------ Extracted records
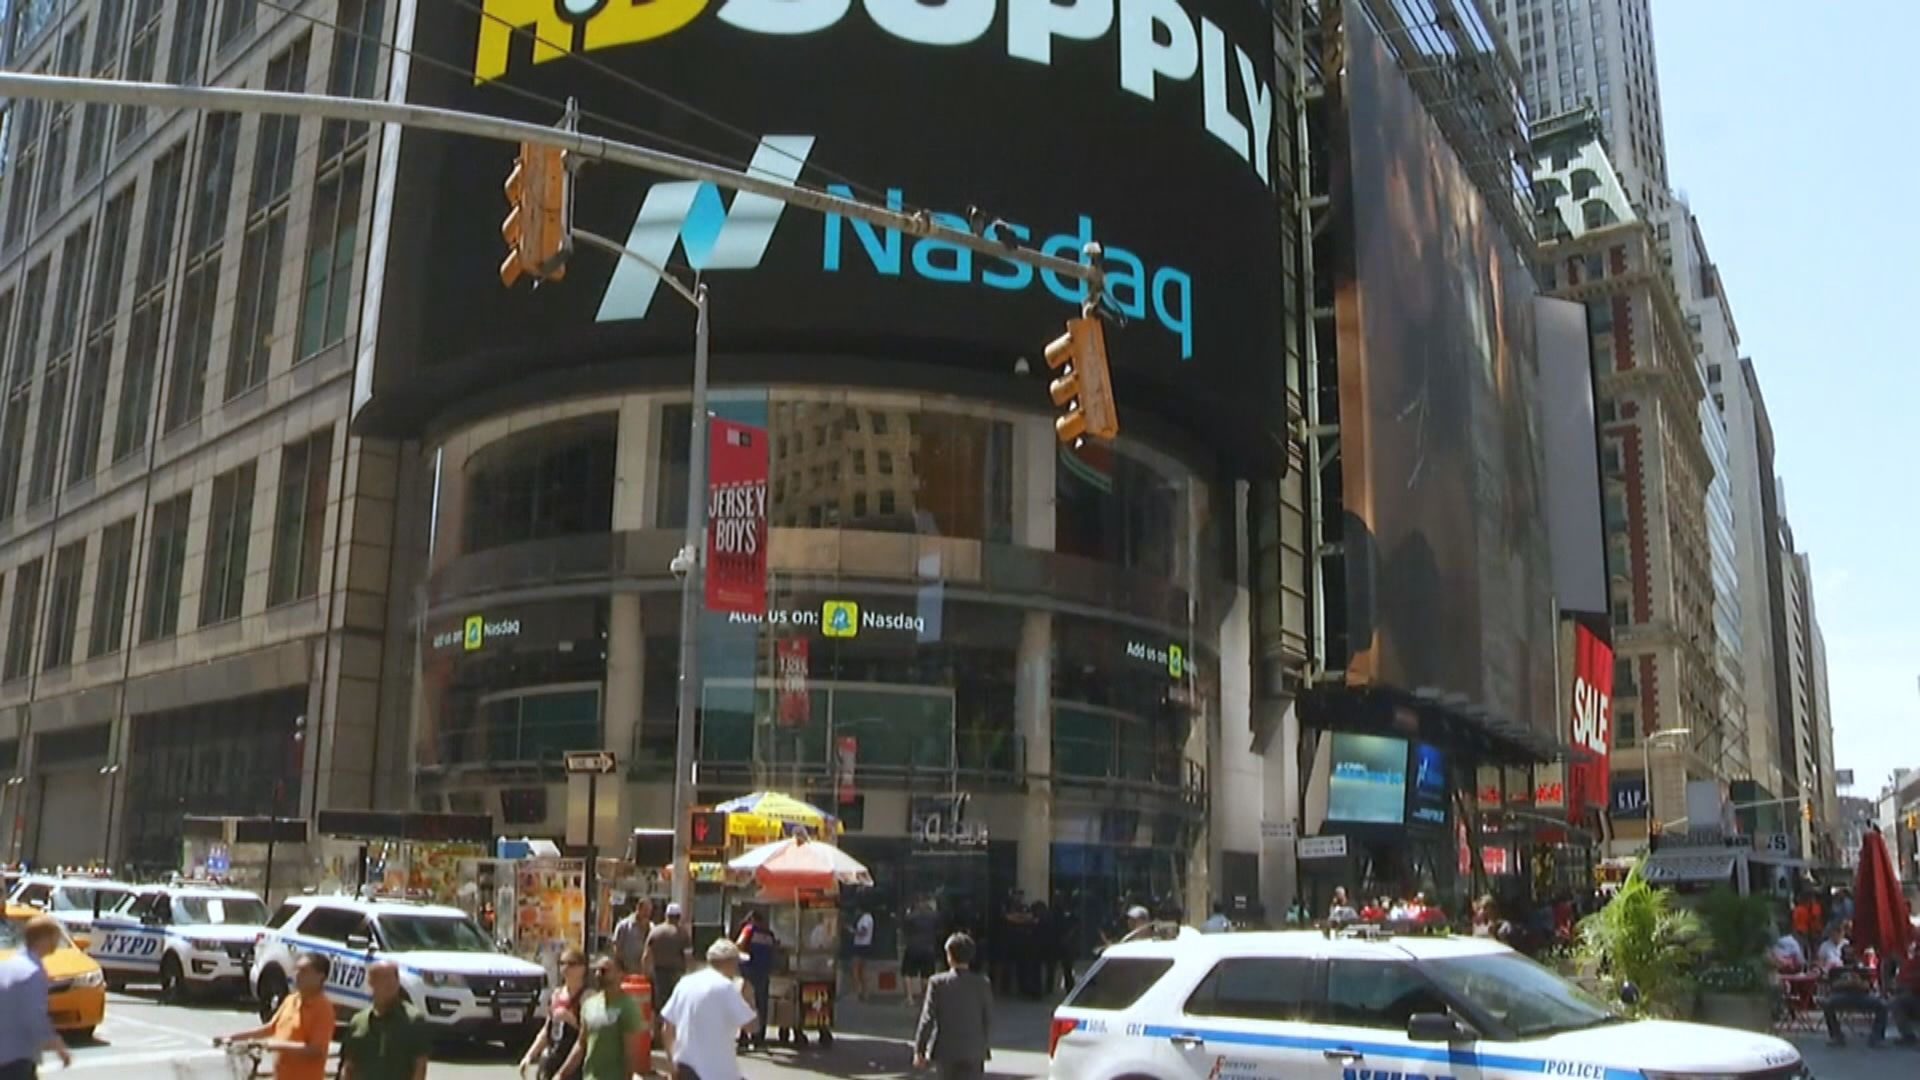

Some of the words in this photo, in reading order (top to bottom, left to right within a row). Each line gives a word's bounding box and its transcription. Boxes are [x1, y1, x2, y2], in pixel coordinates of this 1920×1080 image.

[824, 184, 1192, 359] Nasdaq
[709, 486, 766, 518] JERSEY
[715, 519, 756, 554] BOYS
[484, 619, 520, 636] Nasdaq
[768, 610, 788, 624] us
[792, 610, 819, 624] on:
[862, 611, 925, 633] Nasdaq
[1127, 641, 1145, 659] Add
[1147, 647, 1156, 661] us
[1573, 676, 1608, 755] SALE
[1618, 790, 1641, 809] GAP
[100, 934, 157, 956] NYPD
[330, 953, 366, 988] NYPD
[1547, 1060, 1602, 1079] POLICE
------------
**Work request**
Each record needs to be reproduced exactly, and no image should be carried over.

**Output for this exercise**
Some of the words in this photo, in reading order (top to bottom, left to right within a row). Each line gives a word's bounding box and its transcription. Boxes are [x1, y1, x2, y2], in pixel coordinates of this 1920×1080 image.

[824, 184, 1192, 359] Nasdaq
[709, 486, 766, 518] JERSEY
[715, 519, 756, 554] BOYS
[484, 619, 520, 636] Nasdaq
[768, 610, 788, 624] us
[792, 610, 819, 624] on:
[862, 611, 925, 633] Nasdaq
[1127, 641, 1145, 659] Add
[1147, 647, 1156, 661] us
[1573, 676, 1608, 755] SALE
[1618, 790, 1641, 809] GAP
[100, 934, 157, 956] NYPD
[330, 953, 366, 988] NYPD
[1547, 1060, 1602, 1079] POLICE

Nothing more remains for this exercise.